━━━ RECORD SET

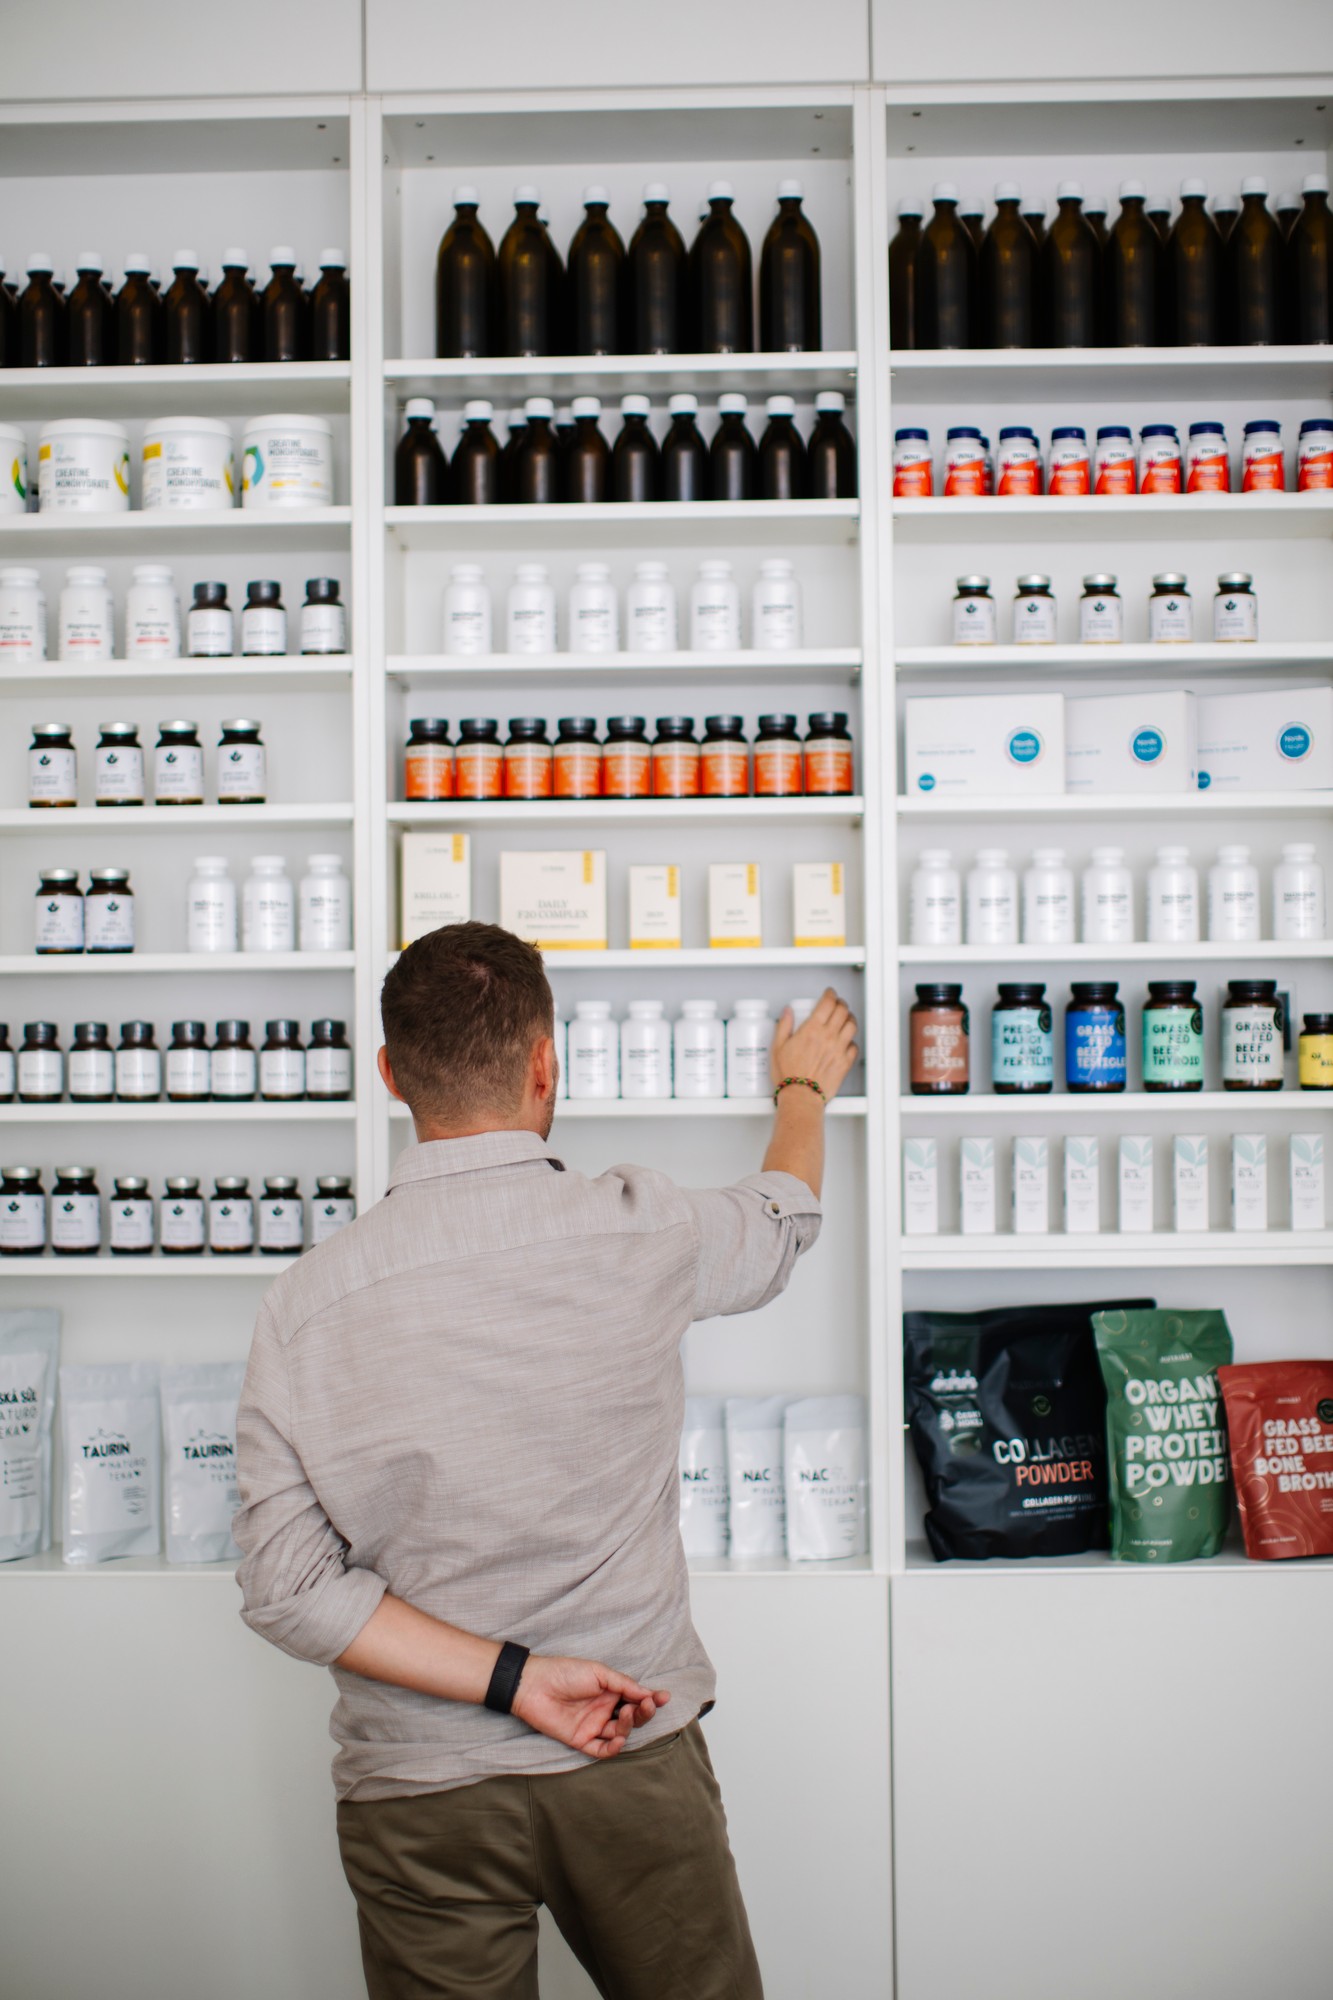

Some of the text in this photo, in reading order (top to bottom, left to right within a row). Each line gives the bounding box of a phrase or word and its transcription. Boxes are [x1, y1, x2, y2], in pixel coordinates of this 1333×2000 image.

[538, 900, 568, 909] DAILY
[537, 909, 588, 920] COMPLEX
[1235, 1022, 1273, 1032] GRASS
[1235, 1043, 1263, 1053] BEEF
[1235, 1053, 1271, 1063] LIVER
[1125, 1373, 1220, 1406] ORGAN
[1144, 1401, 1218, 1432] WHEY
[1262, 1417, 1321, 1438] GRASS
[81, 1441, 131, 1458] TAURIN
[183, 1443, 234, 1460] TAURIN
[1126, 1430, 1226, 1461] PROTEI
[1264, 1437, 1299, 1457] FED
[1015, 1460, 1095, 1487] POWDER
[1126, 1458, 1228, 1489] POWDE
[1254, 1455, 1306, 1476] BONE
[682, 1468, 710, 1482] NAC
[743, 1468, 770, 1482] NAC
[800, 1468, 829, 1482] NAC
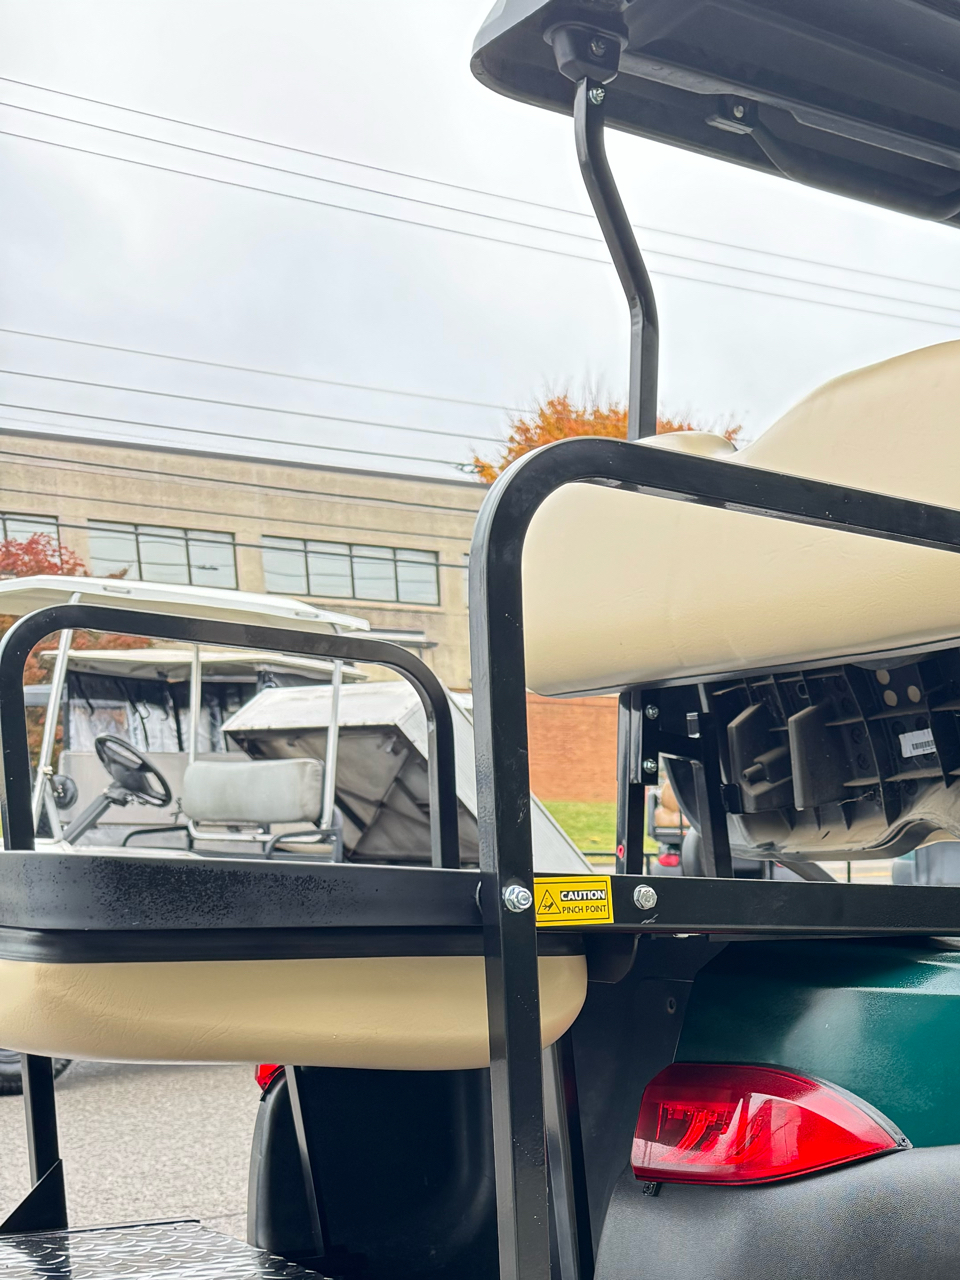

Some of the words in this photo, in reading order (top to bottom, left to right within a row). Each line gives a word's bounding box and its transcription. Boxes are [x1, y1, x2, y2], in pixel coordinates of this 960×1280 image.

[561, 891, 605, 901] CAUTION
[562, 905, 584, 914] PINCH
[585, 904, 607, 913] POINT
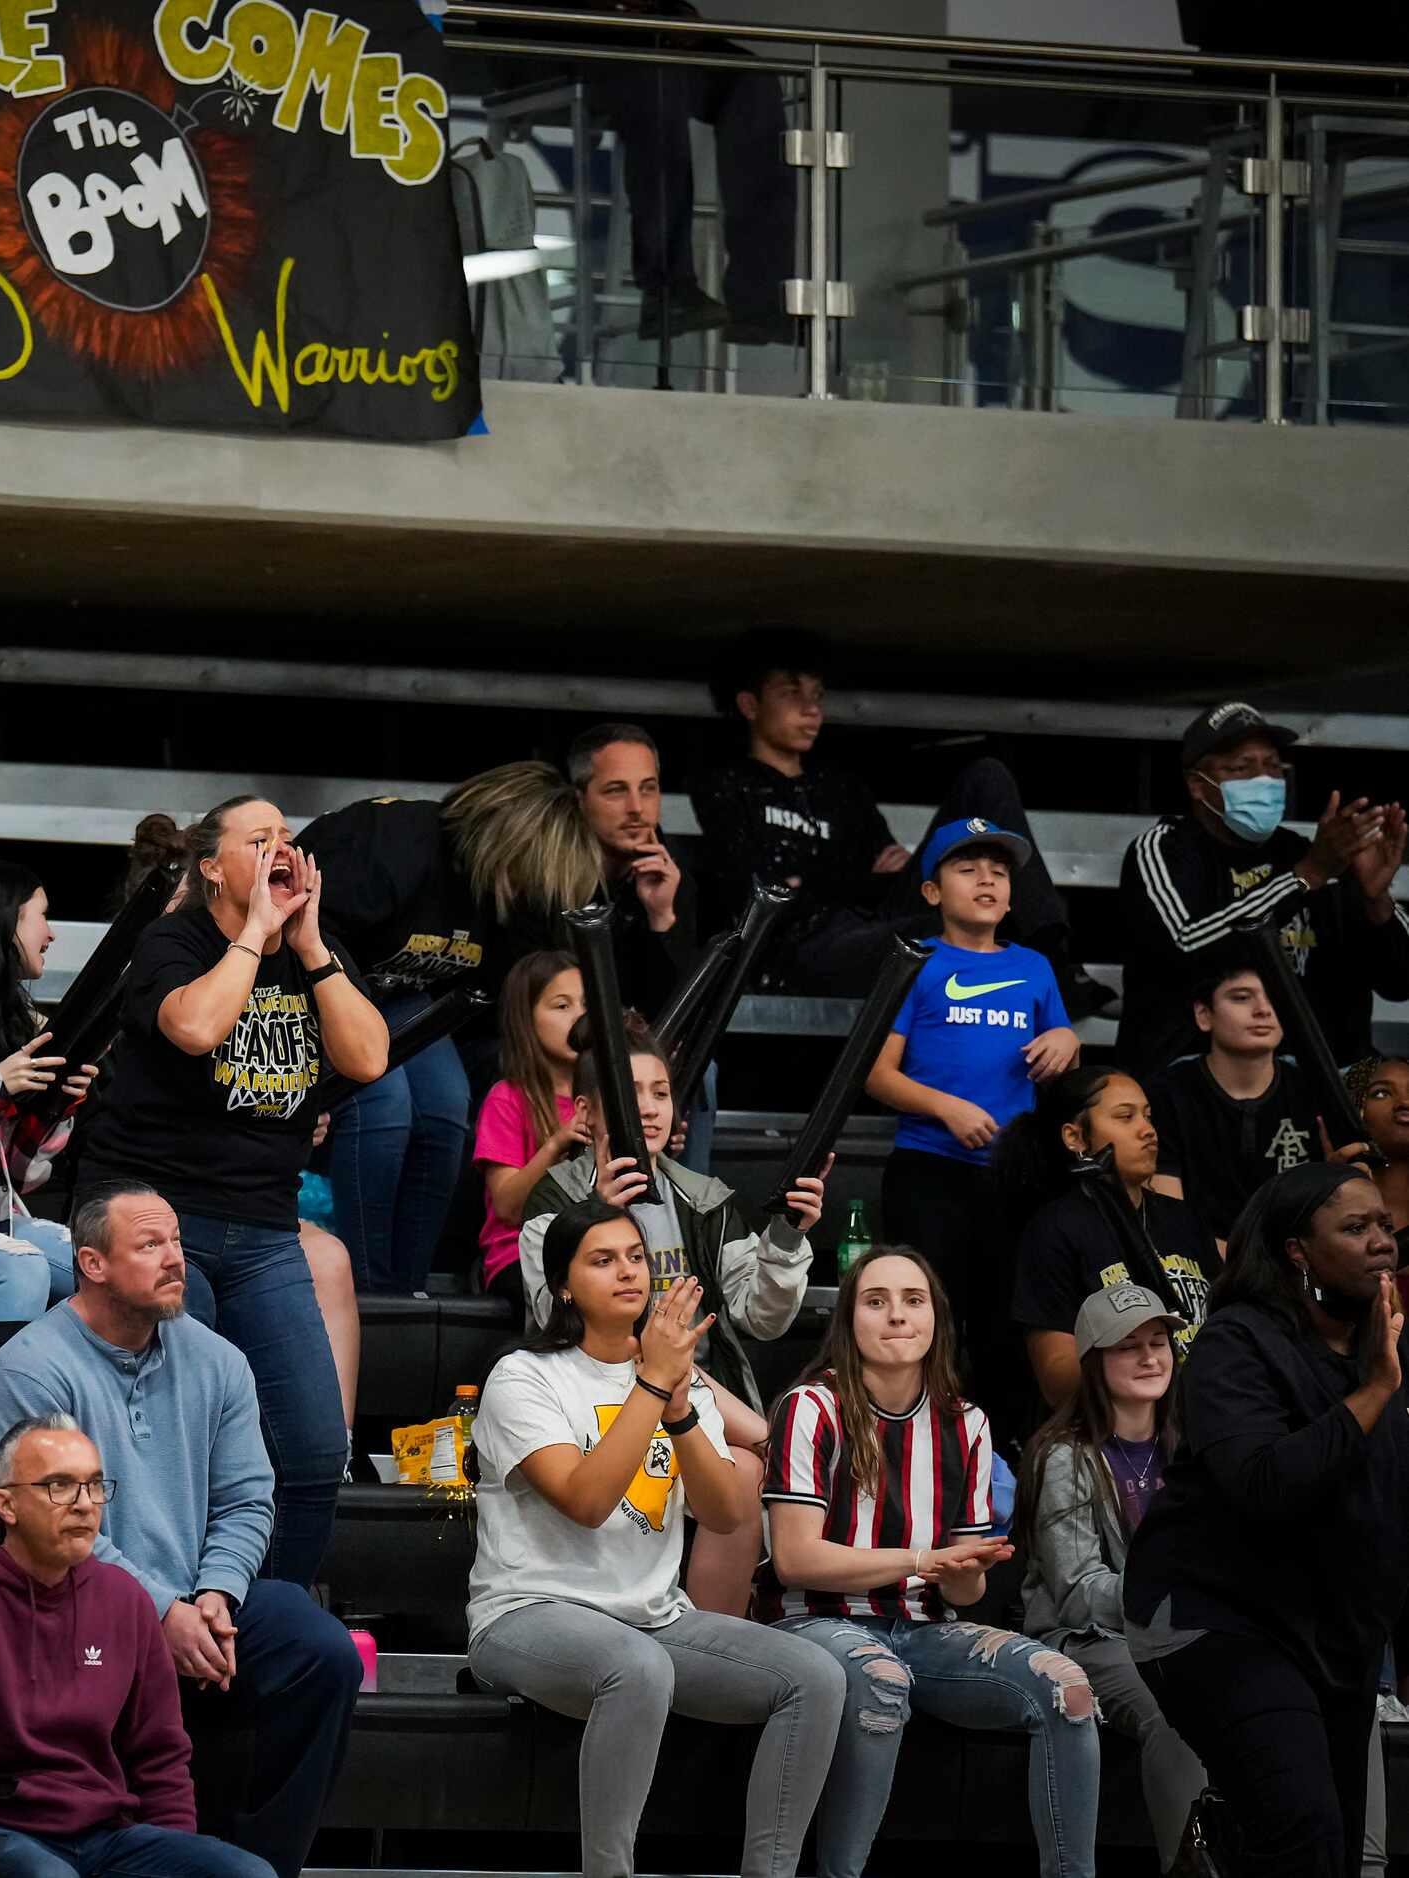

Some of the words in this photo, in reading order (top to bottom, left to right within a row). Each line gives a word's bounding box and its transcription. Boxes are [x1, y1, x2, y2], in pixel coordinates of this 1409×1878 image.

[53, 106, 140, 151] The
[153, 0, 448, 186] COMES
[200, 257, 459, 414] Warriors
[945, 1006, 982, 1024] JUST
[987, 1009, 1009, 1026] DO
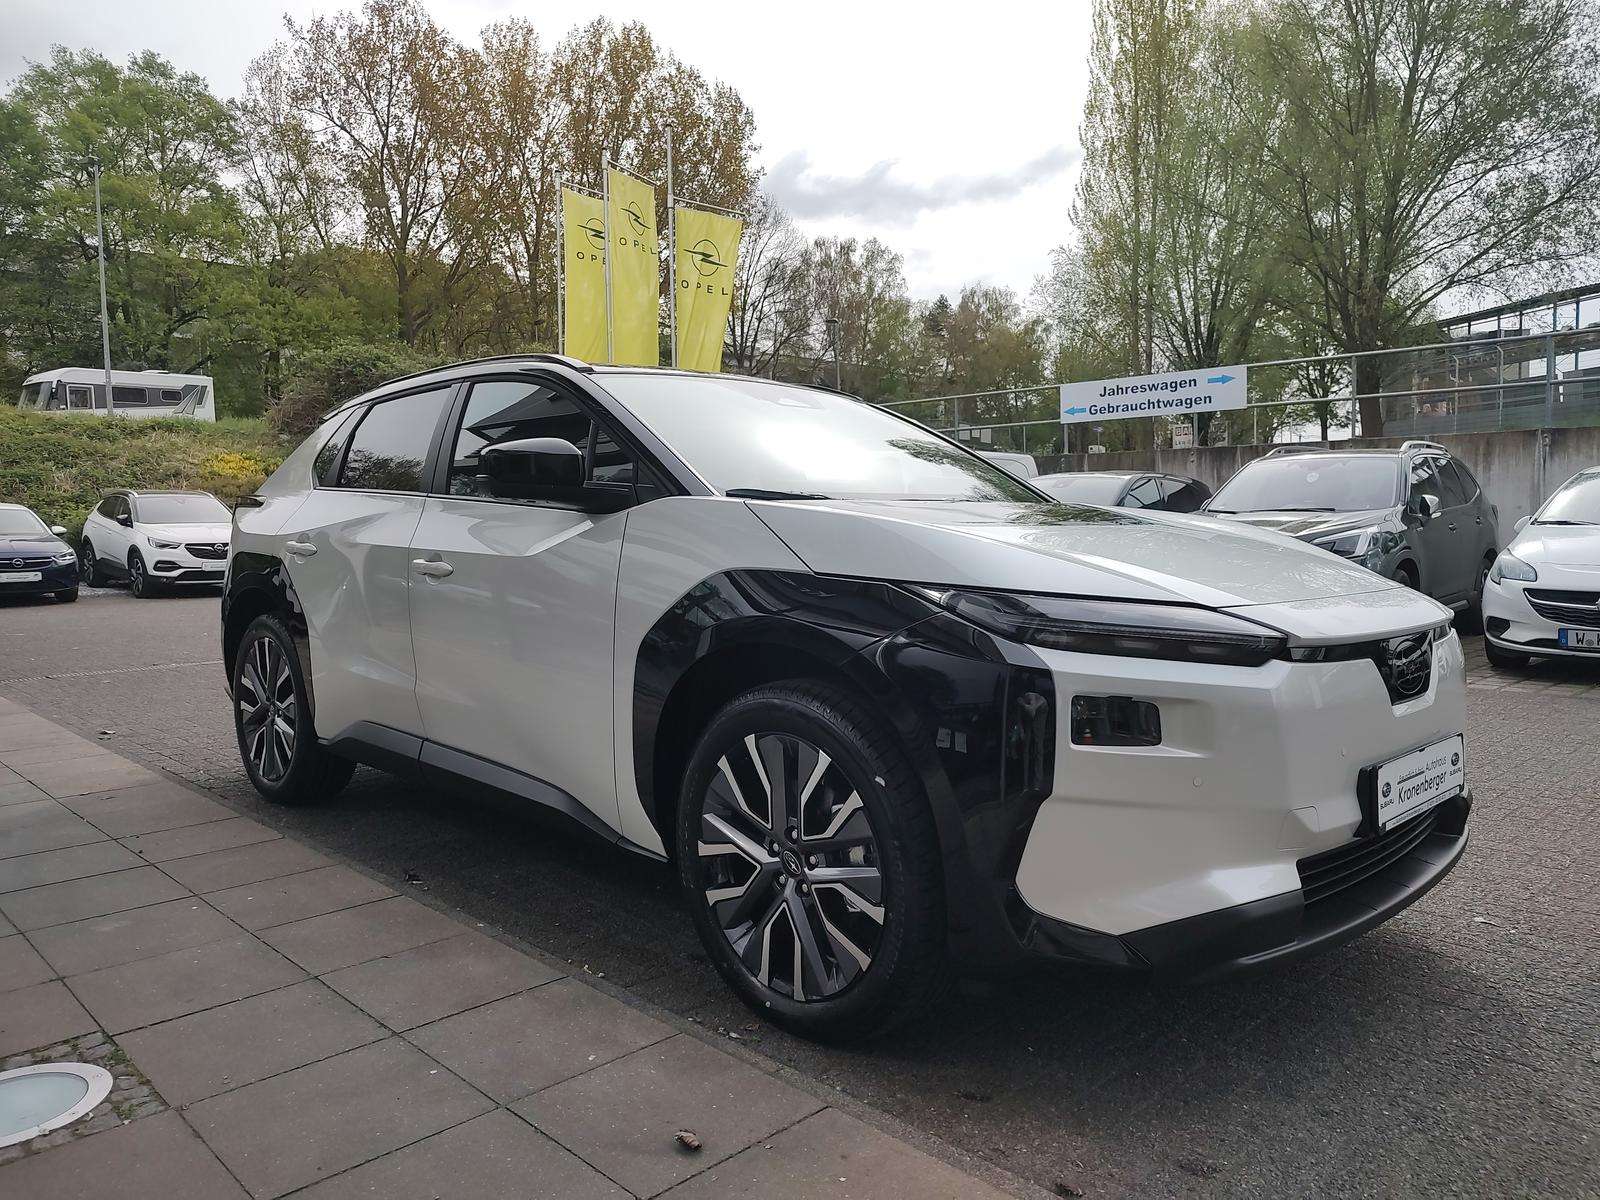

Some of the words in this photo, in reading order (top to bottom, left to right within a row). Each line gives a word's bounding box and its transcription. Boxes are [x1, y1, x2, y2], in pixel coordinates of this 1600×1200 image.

━━━━━━

### WHAT YOU WILL DO
When you reach the line containing "this 960×1280 image." in the entries above, please retype it and each line after it through the last one, exactly, without the pictures.

### EXERCISE SOLUTION
Some of the words in this photo, in reading order (top to bottom, left to right within a row). Each line gives a word's bounding box and its transcription. Boxes are [x1, y1, x2, y2], in pixel coordinates of this 960×1280 image.

[561, 891, 605, 901] CAUTION
[562, 905, 584, 914] PINCH
[585, 904, 607, 913] POINT

Some of the words in this photo, in reading order (top to bottom, left to right within a row). Each line gives a word's bounding box and its transcription. Boxes are [x1, y1, x2, y2], in pixel coordinates of this 1409×1878 image.

[53, 106, 140, 151] The
[153, 0, 448, 186] COMES
[200, 257, 459, 414] Warriors
[945, 1006, 982, 1024] JUST
[987, 1009, 1009, 1026] DO

Some of the words in this photo, in reading order (top to bottom, left to right within a row). Each line gives a word's bounding box and its transcription. Boxes are [x1, y1, x2, y2], in pixel coordinates of this 1600×1200 image.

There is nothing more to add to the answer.